Today’s business leaders … are looking beyond quarterly growth targets. But there is less clarity—either from the private sector, among regulators or among investors—about what this new era entails for business. — Report from the World Economic Forum

Another year of the World Economic Forum (WEF) has come to a close, and spirits are running high—for the moment. With the euro crisis avoided, the fiscal cliff averted and the recent upswing in markets, the attention in Davos has shifted from responding to crises to “restoring economic dynamism.”

World Economic Forum

Image via www.weforum.org

Of course, this introduces a new laundry list of problems, among them, the dangerous lack of trust citizens have in business and government leaders. What those at Davos euphemistically called “trust shocks,” the Economist reports as a much larger problem:

A survey by Edelman, a public-relations firm, finds that only 18% of people trust business leaders to tell the truth. For political leaders, the figure is 13%.

That’s more than intermittent shocks; that’s a chronic disease.

The WEF doesn’t know what to do. They fall back on the familiar terms of accountability and transparency, but it’s clear that values and morals are a foreign language to most of these world leaders. To rebuild trust, they suggest companies “harness the profit motive to serve the public interest.” Ironically, trust can only come from inverting those goals. Great entrepreneurs don’t start with an idea of how to make money and then hope to harness that for the benefit of others. They start by providing a service and then find the profit that purpose generates. If profit precedes purpose—well, Dan Pink says it best in this video:

When the profit motive becomes unmoored from the purpose motive, bad things happen. Bad things ethically sometimes, but also bad things like not good stuff—like crappy products—like lame services—like uninspiring places to work. When the profit motive is paramount … people don’t do great things.

To avoid these problems, some businesses have tried to manufacture purpose. Look at the commercials Dodge and Jeep aired during the Superbowl: two-minute spots that make it appear the company cares about something more than us buying their cars. Chrysler has made a habit of this approach, last year they had that Clint Eastwood ad, because they understand that purpose attracts the trust and loyalty of customers.

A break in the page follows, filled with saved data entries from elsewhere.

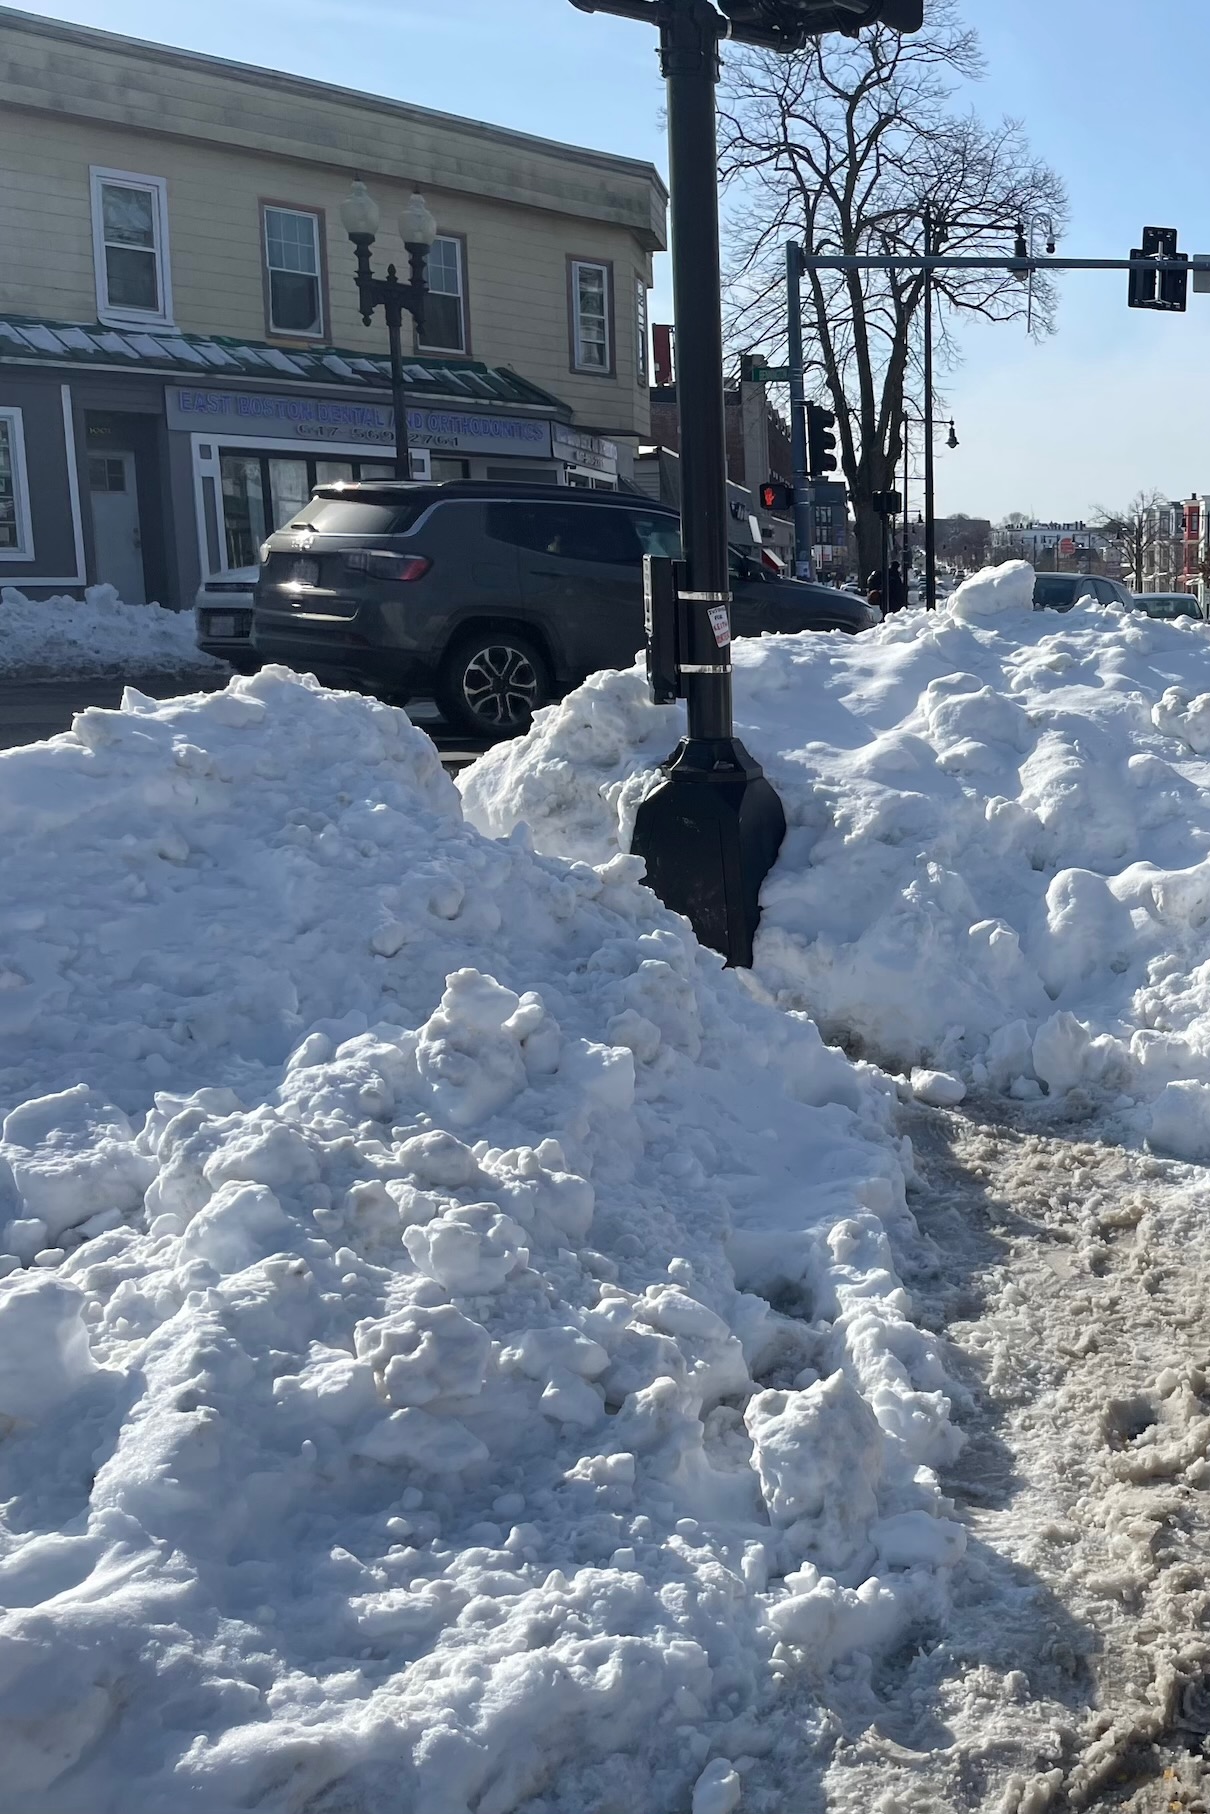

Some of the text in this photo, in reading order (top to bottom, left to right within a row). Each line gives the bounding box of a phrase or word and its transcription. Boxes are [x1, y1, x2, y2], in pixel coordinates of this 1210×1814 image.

[179, 390, 545, 441] EAST BOSTON DENTAL ND ORTHODONTICS
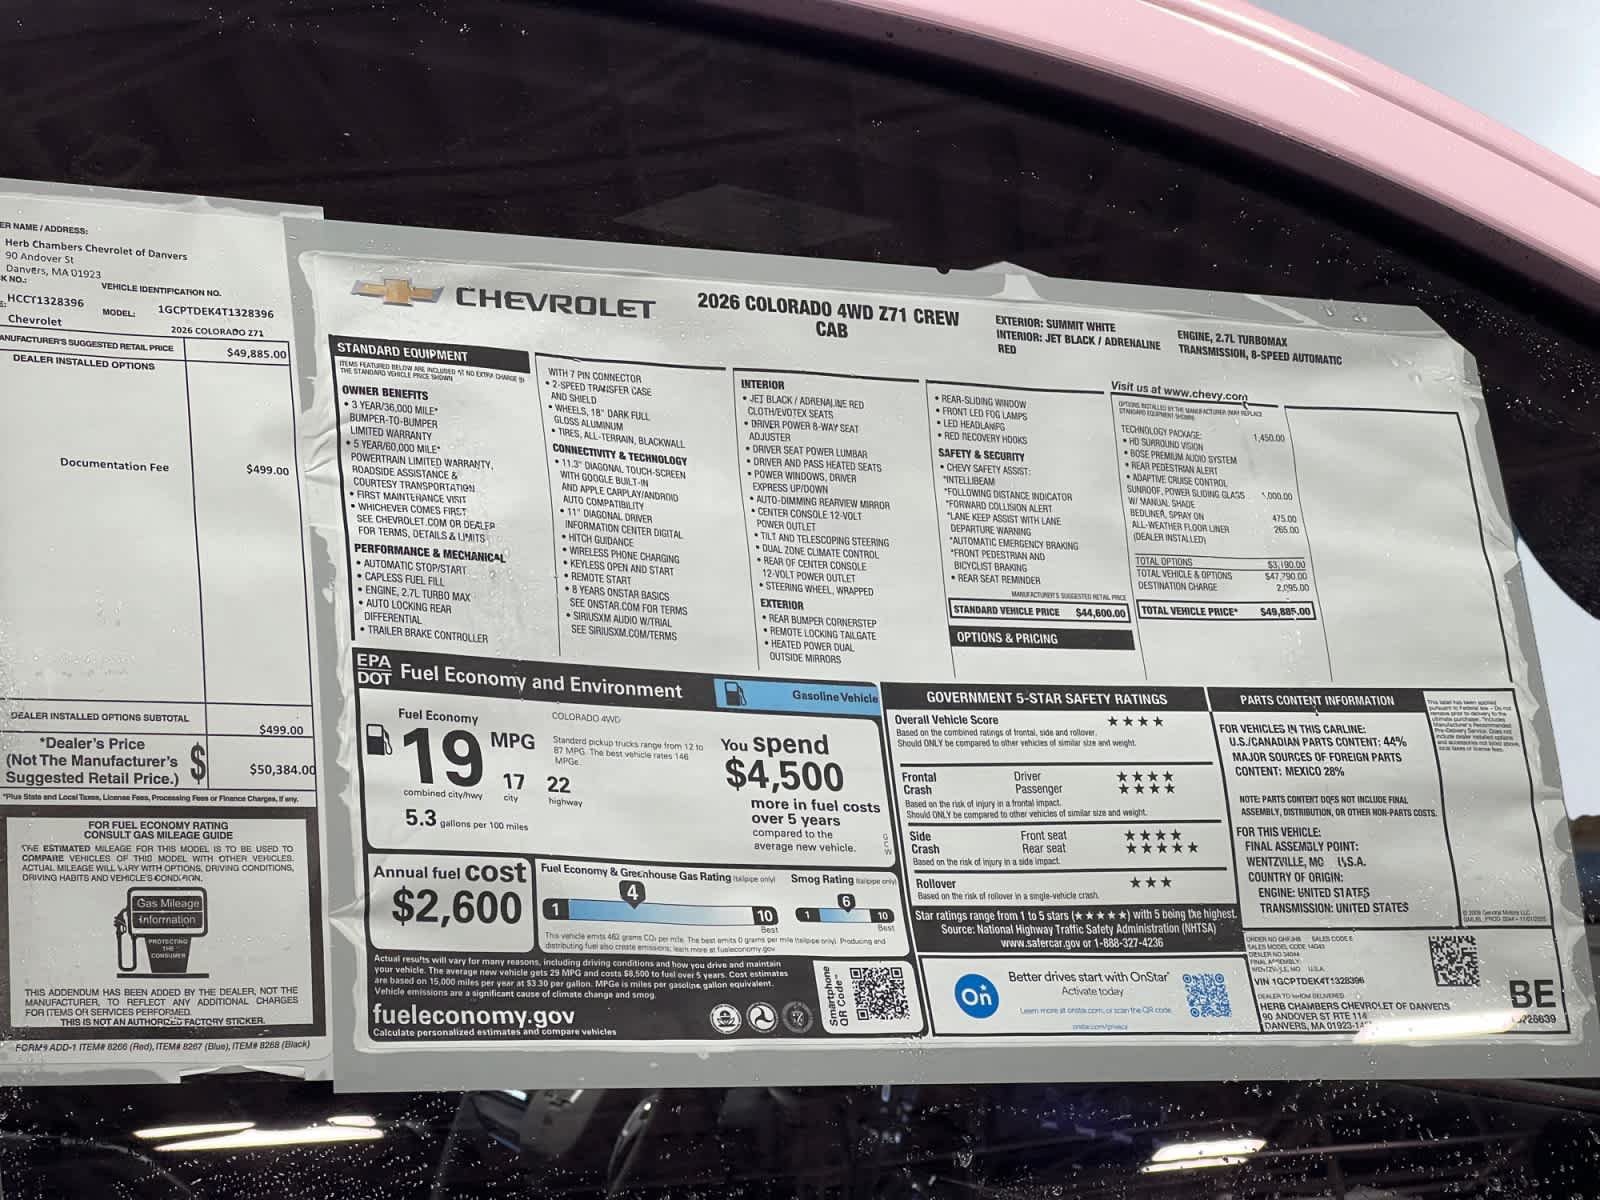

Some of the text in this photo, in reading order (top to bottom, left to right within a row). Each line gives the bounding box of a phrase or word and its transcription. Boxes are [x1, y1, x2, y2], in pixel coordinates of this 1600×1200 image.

[5, 238, 29, 247] Herb
[32, 240, 83, 251] Chambers
[85, 244, 132, 256] Chevrolet
[148, 249, 188, 260] Danvers
[5, 251, 74, 264] 90 Andover St
[6, 264, 101, 279] Danvers, MA 01923
[456, 287, 656, 319] CHEVROLET
[698, 292, 959, 326] 2026 COLORADO 4WD Z71 CREW
[8, 314, 62, 326] Chevrolet
[102, 308, 136, 317] MODEL:
[816, 321, 848, 338] CAB
[996, 315, 1116, 332] EXTERIOR: SUMMIT WHITE
[996, 329, 1042, 342] INTERIOR:
[1045, 333, 1062, 343] JET
[1064, 334, 1096, 345] BLACK
[1105, 337, 1161, 350] ADRENALINE
[1177, 330, 1287, 347] ENGINE, 2.7L TURBOMAX
[227, 348, 287, 359] $49,885.00
[337, 342, 468, 361] STANDARD EQUIPMENT
[998, 344, 1016, 354] RED
[1178, 344, 1342, 365] TRANSMISSION, 8-SPEED AUTOMATIC
[13, 354, 155, 370] DEALER INSTALLED OPTIONS
[741, 379, 784, 390] INTERIOR
[1111, 381, 1248, 401] Visit us at www.chevy.com
[342, 385, 428, 400] OWNER BENEFITS
[350, 426, 432, 440] LIMITED WARRANTY
[938, 448, 1024, 462] SAFETY & SECURITY
[60, 457, 169, 472] Documentation Fee
[246, 464, 289, 476] $499.00
[1272, 514, 1297, 523] 475.00
[760, 598, 804, 610] EXTERIOR
[1141, 606, 1169, 615] TOTAL
[1170, 606, 1206, 616] VEHICLE
[953, 605, 1126, 619] STANDARD VEHICLE PRICE $44,600.00
[368, 625, 488, 644] TRAILER BRAKE CONTROLLER
[957, 632, 1058, 644] OPTIONS & PRICING
[357, 653, 391, 668] EPA
[358, 671, 392, 685] DOT
[401, 664, 683, 698] Fuel Economy and Environment
[792, 690, 878, 703] Gasoline Vehicle
[927, 691, 1168, 705] GOVERNMENT 5-STAR SAFETY RATINGS
[1240, 695, 1395, 706] PARTS CONTENT INFORMATION
[399, 708, 478, 726] Fuel Economy
[895, 714, 999, 725] Overall Vehicle Score
[259, 725, 304, 736] $499.00
[109, 738, 145, 750] Price
[721, 734, 829, 758] You spend
[6, 753, 37, 768] (Not
[39, 754, 67, 766] The
[190, 742, 317, 785] $ $50,384.00
[403, 728, 535, 787] 19 MPG
[725, 755, 843, 793] $4,500
[902, 771, 1041, 782] Frontal Driver
[1235, 766, 1345, 776] CONTENT: MEXICO 28%
[6, 771, 179, 787] Suggested Retail Price.)
[503, 773, 571, 793] 17 22
[904, 784, 1063, 796] Crash Passenger
[403, 789, 583, 808] combined city/hwy city highway
[751, 798, 880, 813] more in fuel costs
[88, 821, 228, 830] FOR FUEL ECONOMY RATING
[406, 809, 436, 826] 5.3
[440, 819, 471, 829] gallons
[490, 821, 504, 829] 100
[506, 823, 528, 831] miles
[752, 813, 840, 828] over 5 years
[84, 830, 233, 840] CONSULT GAS MILEAGE GUIDE
[1236, 826, 1321, 837] FOR THIS VEHICLE:
[373, 862, 527, 883] Annual fuel cost
[916, 878, 956, 888] Rollover
[627, 884, 851, 907] 4 6
[392, 885, 522, 928] $2,600
[1001, 937, 1164, 950] www.safercar.gov or 1-888-327-4236
[1008, 971, 1128, 982] Better drives start with
[962, 988, 992, 1006] On
[1509, 979, 1556, 1008] BE
[373, 1003, 574, 1028] fueleconomy.gov

For other companies, purpose is more than a marketing strategy. JetBlue (“bringing humanity back to air travel“), Amazon (“earth’s most customer centric company“) and Skype (“the fabric of real-time communication on the web“) all have clear goals they were founded to accomplish. Their creators discovered how they can naturally “harness the profit motive” when their first aim is serving the public interest.

While many of us don’t establish business-wide vision, we still have a key role to play. In his recent book, Tim Keller offers an important reminder: “Our individual professional ethics have a cumulative effect.” Therefore, if we want to cultivate businesses worthy of trust, the process begins with us. A good first step would be following Elise Amyx’s advice, recognizing the eternal significance of our everyday work.

The leaders at Davos can’t help us with this change. Workers, entrepreneurs and government officials must decide for themselves whether purpose precedes profit. Only then will we begin trusting our leaders again.